Although surprising for some social scientists, our observations concur with experiences
made in Israeli kibbutzim, which were founded based on an ideology of strict gender
equality. Women were expected to work like the men, and to participate in political
governance of the kibbutz. However, despite this strong ideological commitment, women
were soon found to avoid traditionally male occupations, and to drift from agricultural
work groups and machine repair shops to the communal kitchen, laundry and the children’s
house; and many were disinterested in politics and decision making in the kibbutz.

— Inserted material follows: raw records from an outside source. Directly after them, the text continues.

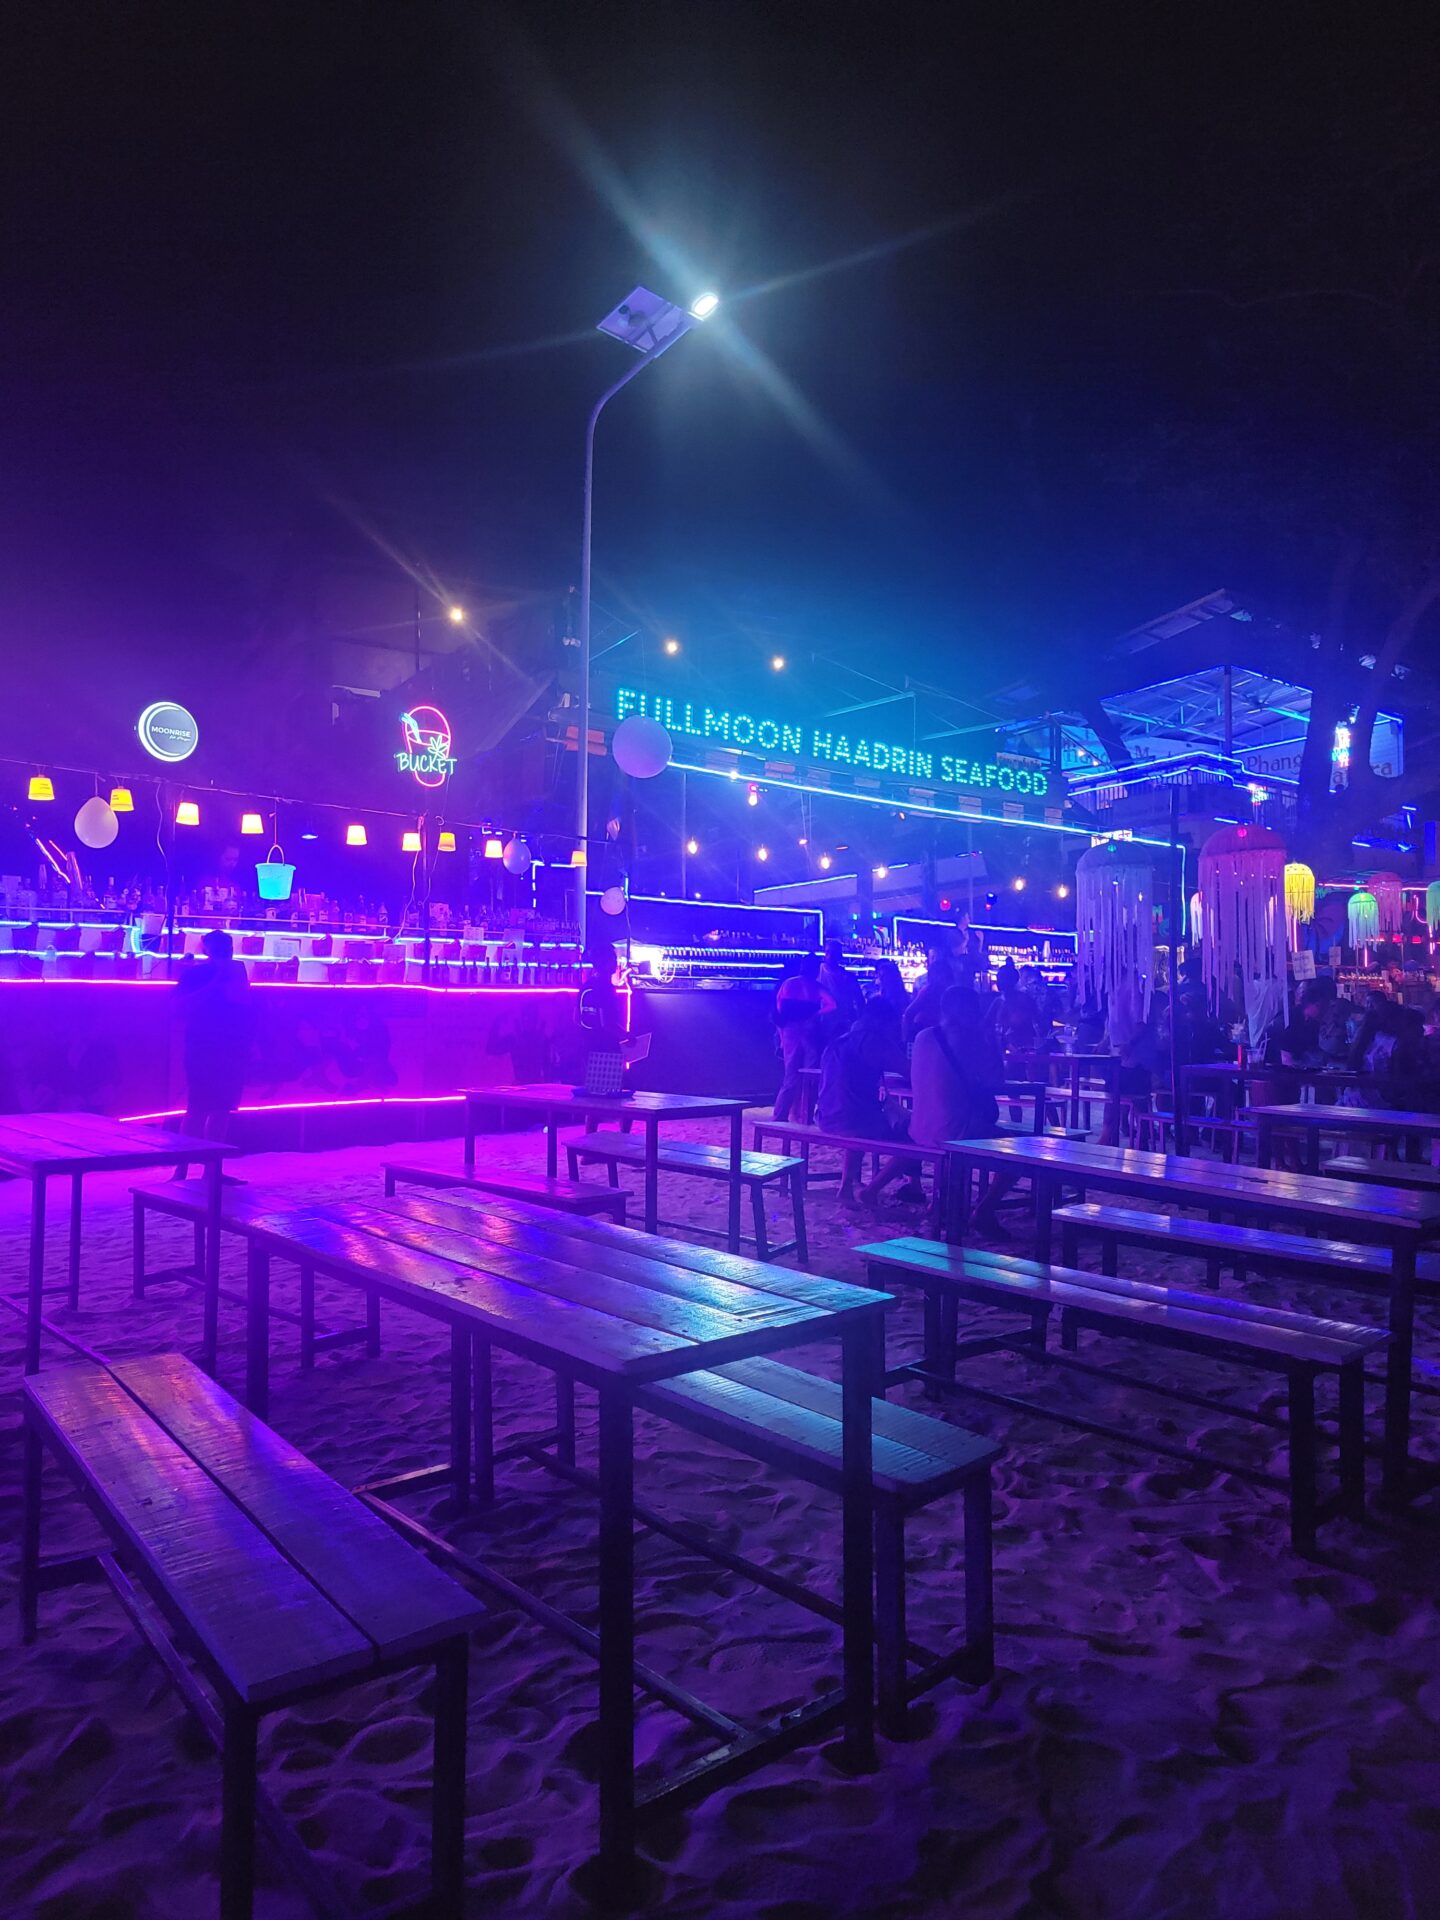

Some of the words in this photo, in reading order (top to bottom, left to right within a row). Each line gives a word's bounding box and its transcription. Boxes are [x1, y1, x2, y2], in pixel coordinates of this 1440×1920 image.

[151, 725, 192, 738] MOONRISE
[396, 752, 458, 776] BUCKET
[812, 729, 933, 779] HAADRIN
[940, 755, 1049, 796] SEAFOOD
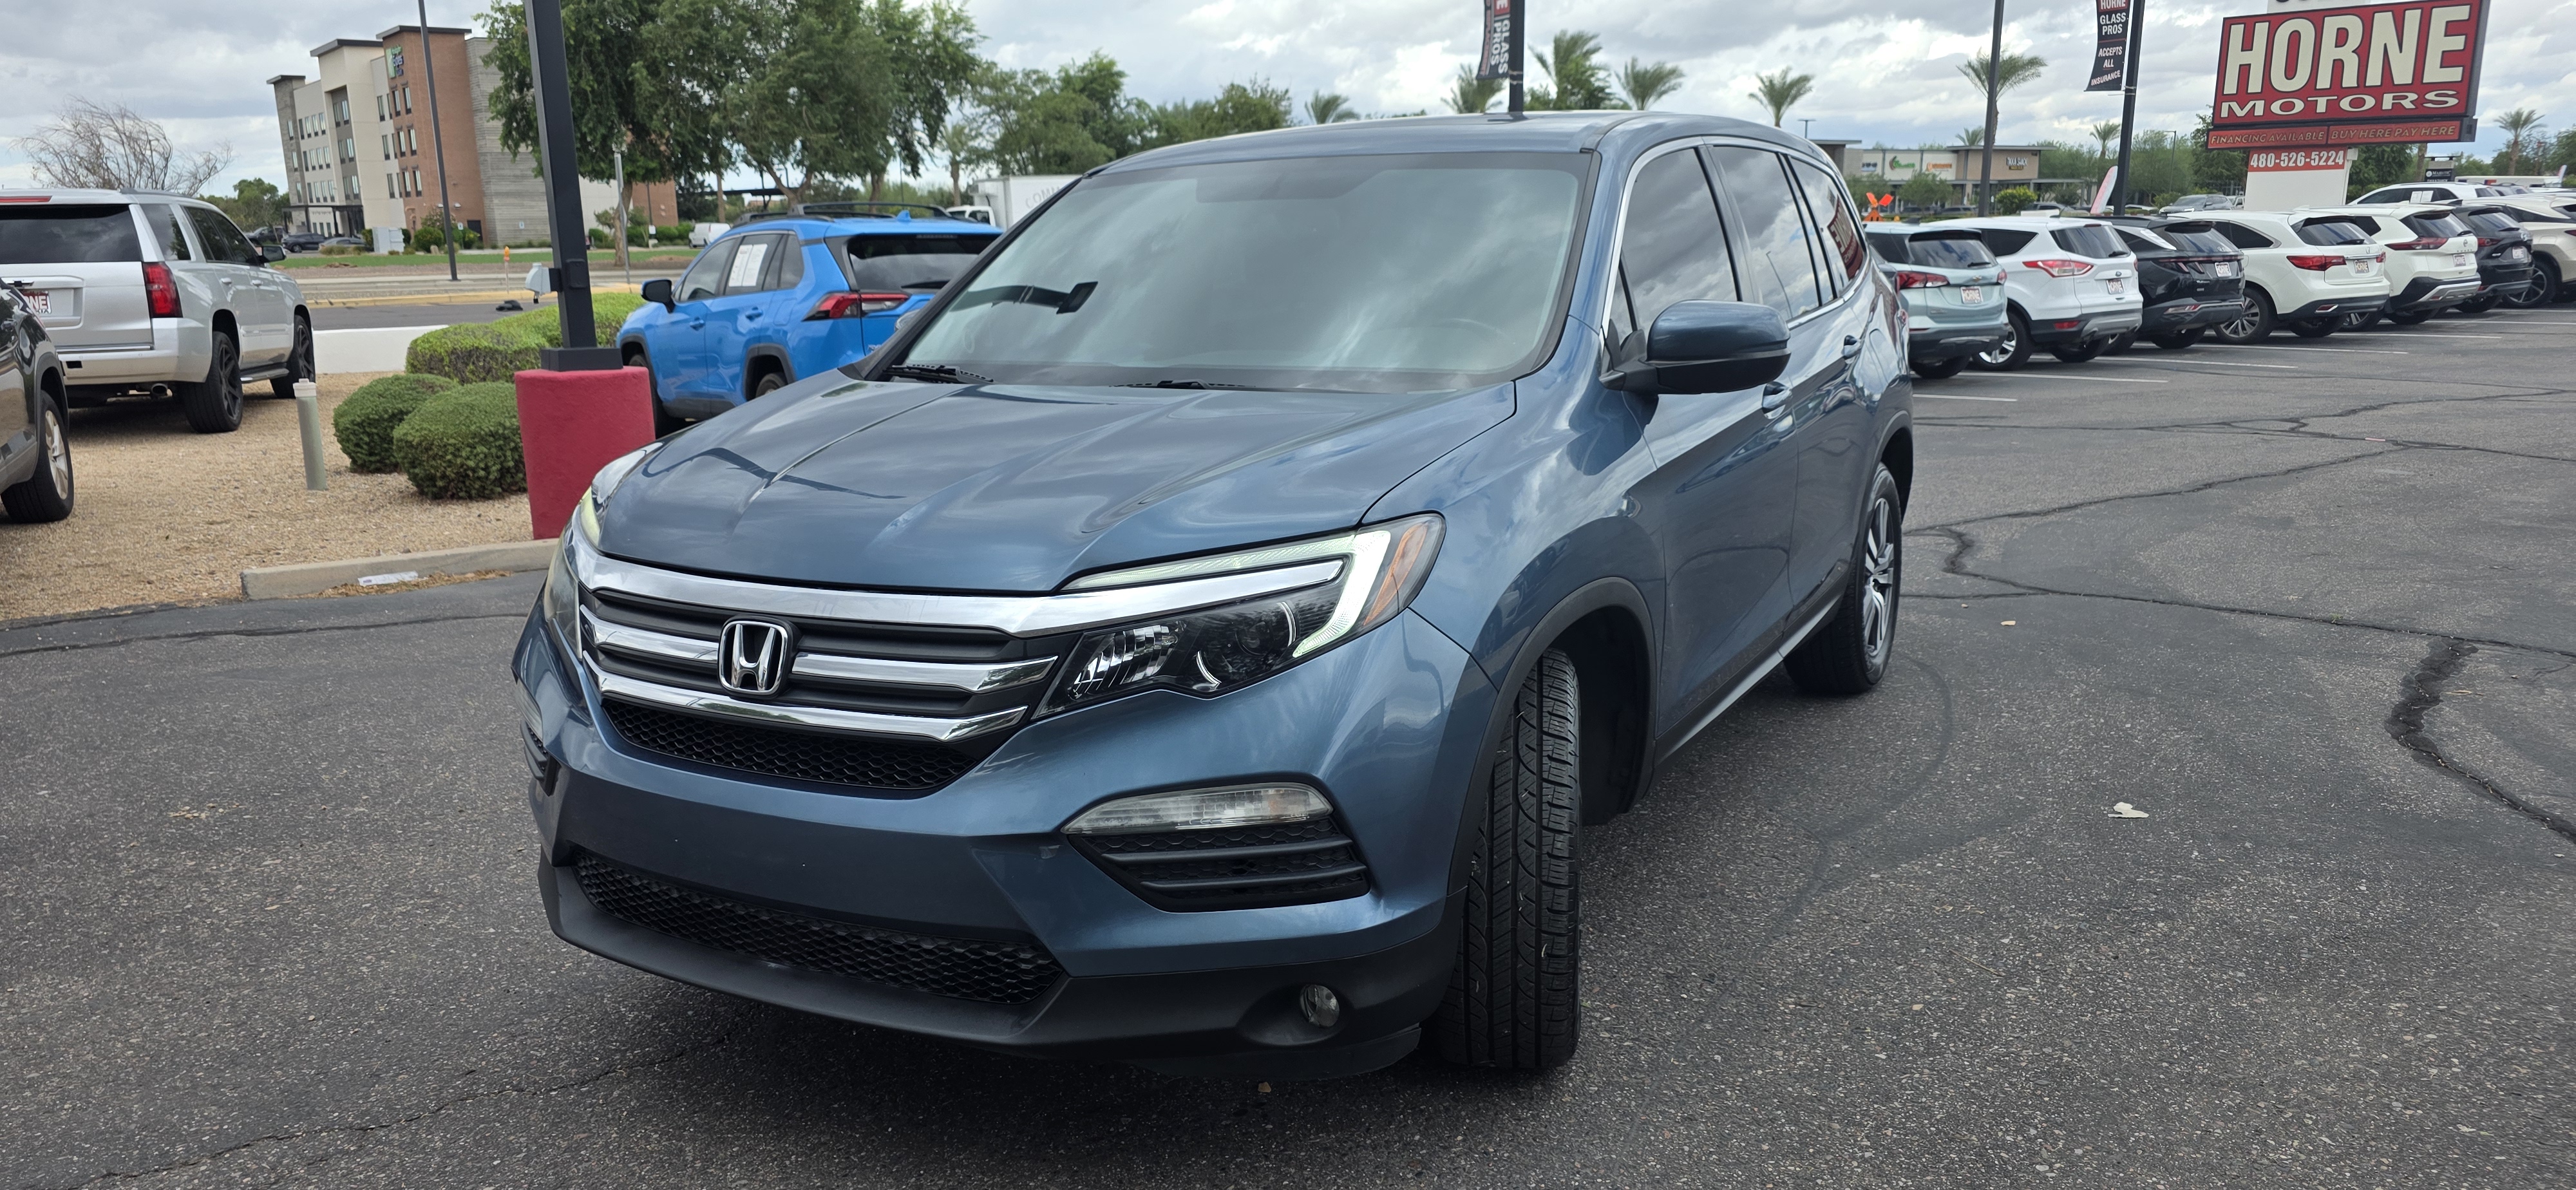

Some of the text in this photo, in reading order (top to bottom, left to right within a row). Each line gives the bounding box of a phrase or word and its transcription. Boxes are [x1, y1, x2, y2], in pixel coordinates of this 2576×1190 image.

[2099, 12, 2126, 24] GLASS
[2102, 24, 2123, 35] PROS
[1498, 19, 1510, 73] GLASS
[2098, 46, 2123, 57] ACCEPTS
[2224, 5, 2470, 95] HORNE
[2103, 59, 2114, 68] ALL
[2091, 70, 2121, 86] INSURANCE
[2221, 91, 2459, 118] MOTORS
[2211, 131, 2324, 144] FINANCING AVAILABLE
[2331, 126, 2455, 139] BUY HERE PAY HERE
[2250, 150, 2344, 167] 480-526-5224

Within
one generation, gender roles became more strongly differentiated in the kibbutz than in
Israeli society at large. Unlike the initial ideology of strict gender equality, which had been
originated mainly by men, the subsequent development of gender role differentiation was
driven by female preferences (Spiro 1979; Tiger and Shepher 1975). These experiences
show that even in a modern society, female preferences can diverge substantially from
male preferences.
The present study is strictly cross-sectional. However, it shows that greater gender
equality is not associated with higher subjective well-being of women relative to men. It
even suggests that high rates of female employment, or possibly a value system that insists
on female employment, have the potential to reduce female well-being. Therefore we need
to be aware of the possibility that continued efforts at educating women out of traditional
female roles and into traditional male roles can reduce female subjective well-being, as has
happened in the communist and ex-communist countries. But is this really surprising? Men
would not be happy and satisfied either if they were forced out of traditional male roles and
into traditional female roles. Perhaps the implicit belief among many social scientists that
male-typical preferences, values and social roles are in some way superior to traditional
female ones needs to be re-evaluated.